After part of a massive hi-rise residential apartment building in Surfside, Florida, just north of Miami beach, came crashing down around 1am Thursday morning, rescue workers have been searching through the pile of rubble for survivors with the help of rescue dogs.

Governor de Santis called the scene “destruction” and said that Floridians were bracing themselves for bad news. Since 2am, two people, including a young boy, have been rescued from amid the rubble, according to Ray Jadallah, Miami-Dade Fire Rescue assistant fire chief at a news conference.

35 people have been rescued from the building. But 51 owners of apartments in the condominium had not yet been accounted for as of 10am Thursday morning, according to county officials. The cause of the collapse is as yet unknown.

It is also not clear whether the rest of the residential building that remains standing is stable. In light of these unknowns, 15 families who live there are being moved to hotels. A recent study of infrastructure conducted by a group of researchers in Colorado found that millions of homes in the US are in disaster-prone areas that are being affected by climate change.

“Every year, we lose billions of dollars [and] we lose lives to natural hazards,” said Virginia Iglesias, a researcher at the University of Colorado, Boulder, who is one of the authors of the study.

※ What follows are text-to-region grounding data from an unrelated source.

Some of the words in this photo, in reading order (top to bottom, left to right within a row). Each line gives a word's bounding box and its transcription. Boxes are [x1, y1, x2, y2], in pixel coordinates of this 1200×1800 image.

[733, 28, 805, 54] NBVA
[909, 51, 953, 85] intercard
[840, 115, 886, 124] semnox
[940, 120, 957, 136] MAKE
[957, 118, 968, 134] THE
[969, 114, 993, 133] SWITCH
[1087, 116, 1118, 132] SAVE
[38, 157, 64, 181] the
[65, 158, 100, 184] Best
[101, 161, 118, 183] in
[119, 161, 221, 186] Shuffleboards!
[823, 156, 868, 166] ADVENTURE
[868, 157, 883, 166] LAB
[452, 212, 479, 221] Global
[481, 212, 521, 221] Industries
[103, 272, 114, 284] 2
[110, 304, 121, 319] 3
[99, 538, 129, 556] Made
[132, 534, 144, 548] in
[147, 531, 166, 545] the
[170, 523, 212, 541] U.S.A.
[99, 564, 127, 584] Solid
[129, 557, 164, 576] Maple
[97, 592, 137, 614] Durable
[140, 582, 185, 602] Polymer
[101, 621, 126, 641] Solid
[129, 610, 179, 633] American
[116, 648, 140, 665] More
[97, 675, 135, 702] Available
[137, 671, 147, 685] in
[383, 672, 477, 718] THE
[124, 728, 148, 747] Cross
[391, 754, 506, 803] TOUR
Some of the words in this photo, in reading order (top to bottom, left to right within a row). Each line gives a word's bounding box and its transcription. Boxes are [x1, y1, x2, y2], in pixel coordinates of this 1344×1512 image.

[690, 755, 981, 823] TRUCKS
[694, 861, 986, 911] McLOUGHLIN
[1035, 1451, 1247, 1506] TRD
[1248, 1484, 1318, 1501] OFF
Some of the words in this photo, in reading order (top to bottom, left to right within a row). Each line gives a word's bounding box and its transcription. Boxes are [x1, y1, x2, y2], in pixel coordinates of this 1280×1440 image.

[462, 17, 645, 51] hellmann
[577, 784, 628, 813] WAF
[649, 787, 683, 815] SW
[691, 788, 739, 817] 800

“Climate change has a lot to do with this because climate change is increasing the probability of extreme events. But at the same time, it also matters what is in harm’s way.” About 1.5 million buildings are in hot spots for two or more hazards, according to the study.

It references areas of the western U.S. that are extremely prone to both wildfire and earthquakes, and parts of the southern U.S. that, like Florida, are at high risk for floods, hurricanes, and tornadoes. The study raises questions about the zoning and permitting done by local authorities which are driven by a financial incentive to condense development and population in such zones to enhance tax revenues.

According to the study, “development in these areas is still growing more rapidly than the baseline rates for the nation, portending larger future losses even if the effects of climate change are not considered.

” Yet, many local authorities are not taking into account such risks, say the researchers. Iglesias said that she hopes the research will help policymakers and residents make more informed decisions about where to site new development and how to make buildings more resilient.

In the meantime, family members of the residents of the Surfside condominium known as Champlain Towers South are awaiting news of their loved ones.